*Problem*:
Reproduce all entries below verbatim. Skip the pictures.

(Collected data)
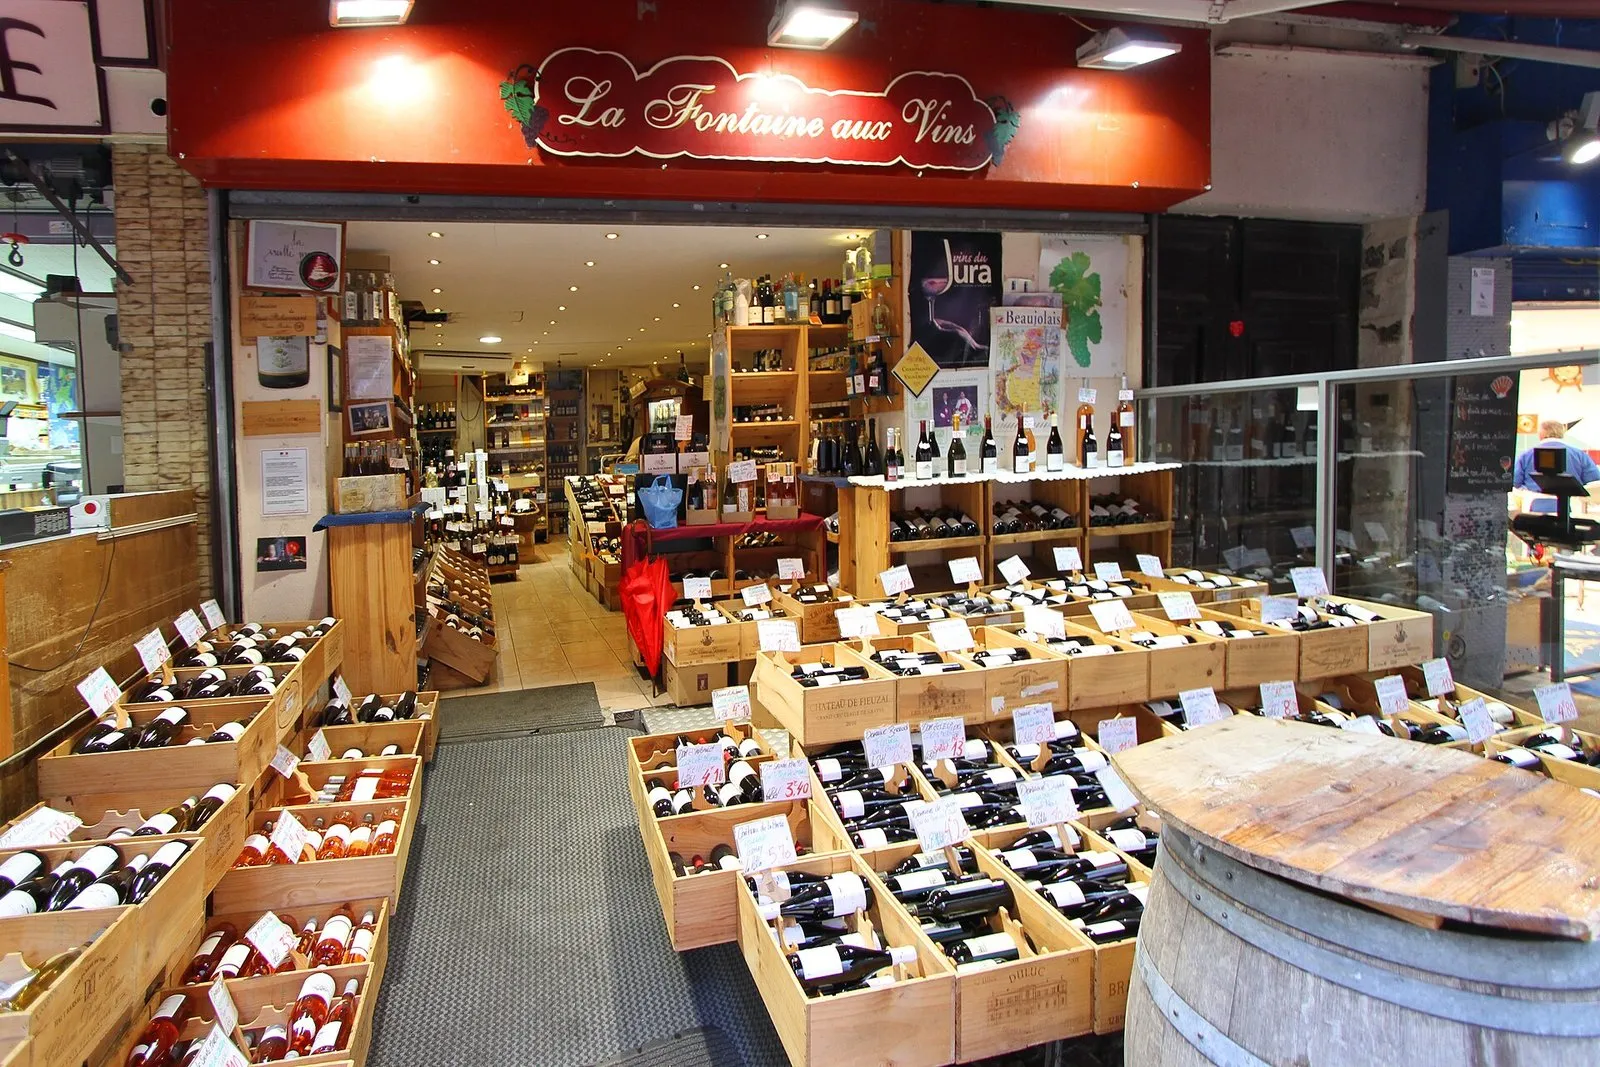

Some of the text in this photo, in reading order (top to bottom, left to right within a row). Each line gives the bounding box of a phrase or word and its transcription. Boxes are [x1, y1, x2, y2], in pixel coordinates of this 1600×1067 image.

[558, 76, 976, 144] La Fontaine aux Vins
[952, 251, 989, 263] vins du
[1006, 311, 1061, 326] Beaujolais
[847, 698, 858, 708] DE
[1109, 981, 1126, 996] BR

*Reply to the task*:
Some of the text in this photo, in reading order (top to bottom, left to right within a row). Each line gives the bounding box of a phrase or word and its transcription. Boxes are [x1, y1, x2, y2], in pixel coordinates of this 1600×1067 image.

[558, 76, 976, 144] La Fontaine aux Vins
[952, 251, 989, 263] vins du
[1006, 311, 1061, 326] Beaujolais
[847, 698, 858, 708] DE
[1109, 981, 1126, 996] BR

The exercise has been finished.